It’s hard to argue with those powerful feelings, but you do have to bother. One little victory today can help prove to yourself that you can make your life better through your own actions.

The Rescue Fanatasy

Believe me, I still indulge in this fanatsy from time to time. In this fantasy, you are the best friend or lover of a perfect person who can right all of the wrongs in your life. Although many women have this fantasy, many men have it, too. There seems to be a collective fantasy in the world that some sudden scientific discovery will take care of global warming once and for all, without us having to lift a finger.

People with depression don’t have any kind of rescue fantasy because we are lazy. We have it because our depression constantly tells us that we are helpless and hopeless and therefore unable to rescue ourselves. After battling depression all of my life, I still have those thoughts of, “I’m useless,” going through my head. It’s not exactly a rousing battle call. Not many family crests have the logo “USELESS” emblazoned over them.
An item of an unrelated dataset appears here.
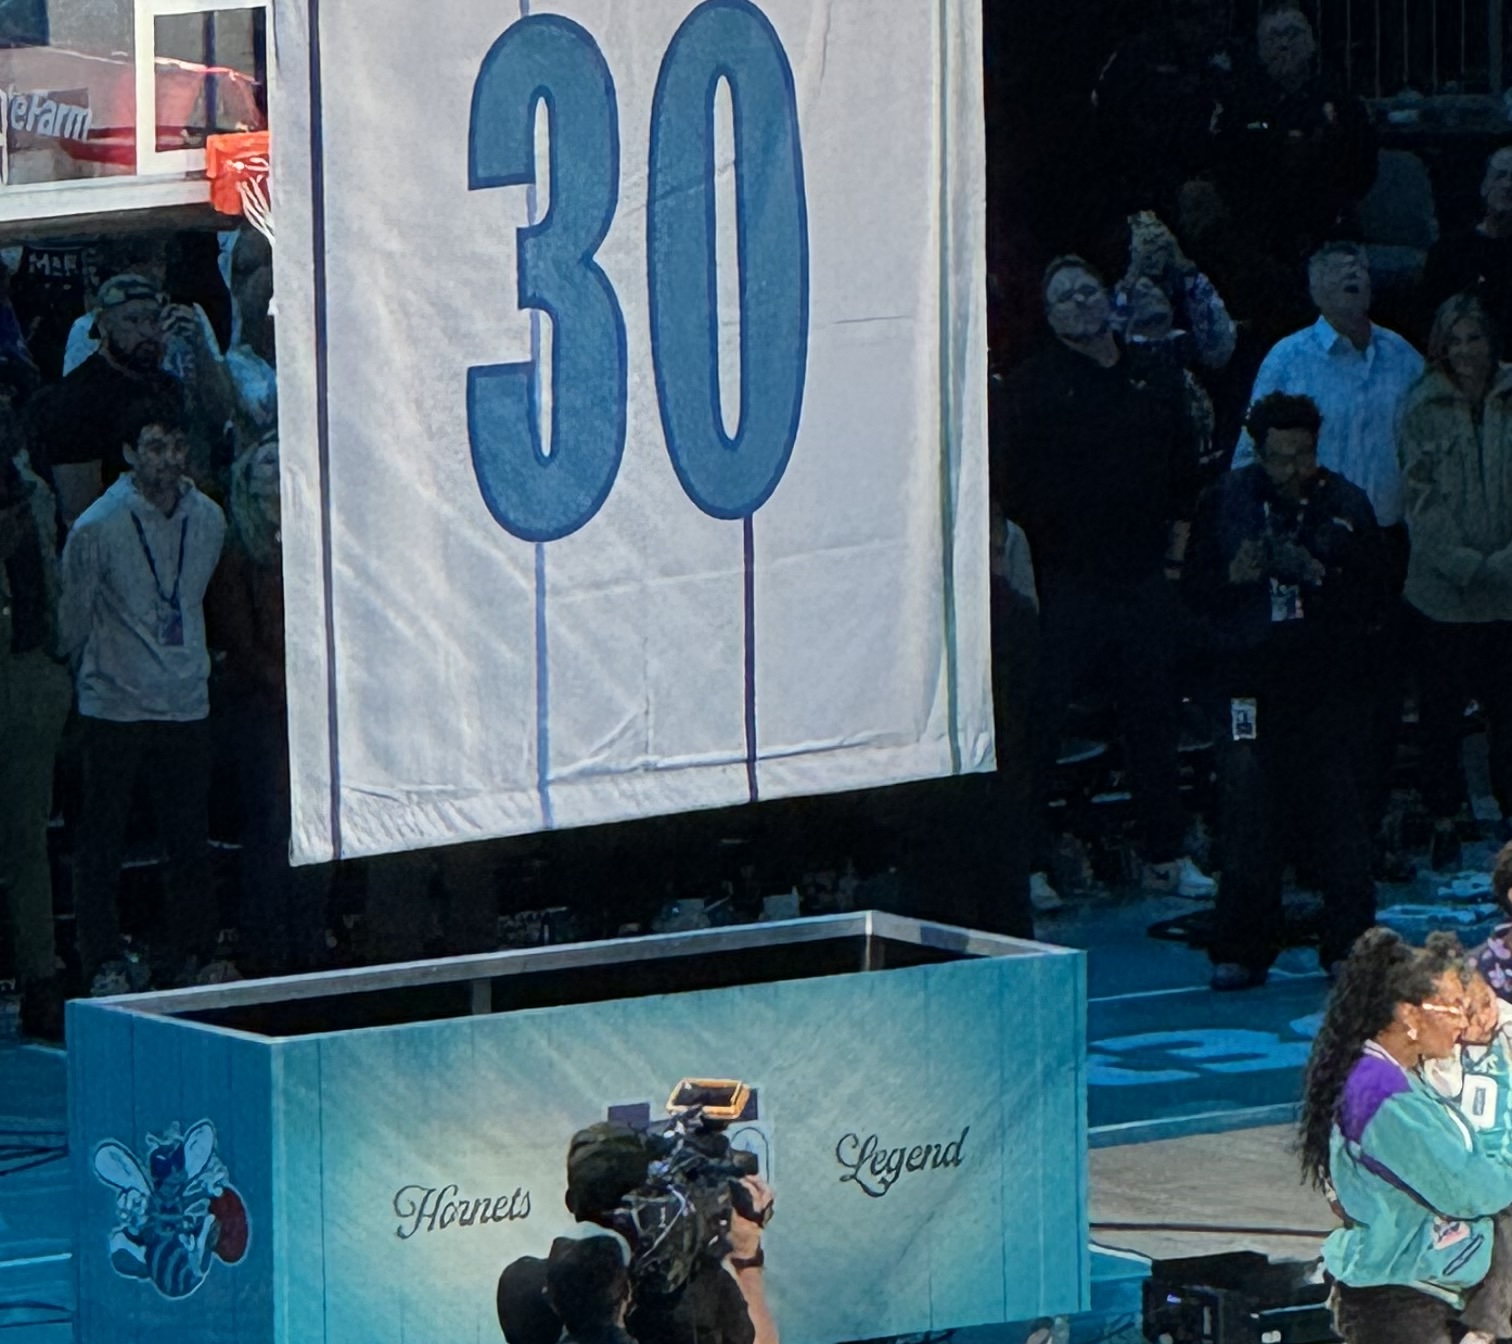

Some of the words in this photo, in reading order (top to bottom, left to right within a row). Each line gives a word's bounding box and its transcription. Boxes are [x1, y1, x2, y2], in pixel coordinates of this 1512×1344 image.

[8, 88, 92, 142] eFarm
[836, 1126, 970, 1197] Legend
[393, 1184, 531, 1239] Hornets
So, when you keep thinking that you are useless often enough, it becomes a self-fulfilling prophecy. You do become useless because you’re convinved that no matter what you do, you’ll fail at it, so what’s the point of trying?

Being a Bitch

I’ve left an abusive relationship. I run my own freelance business and have run into deadbeat clients more times than I’ve had hot showers. And I have major depression. In order to survive, I’ve learned to ignore the voices in my head and stick up for myself. I am then called a bitch. Well, sometimes you have to be a bitch in order to get things done.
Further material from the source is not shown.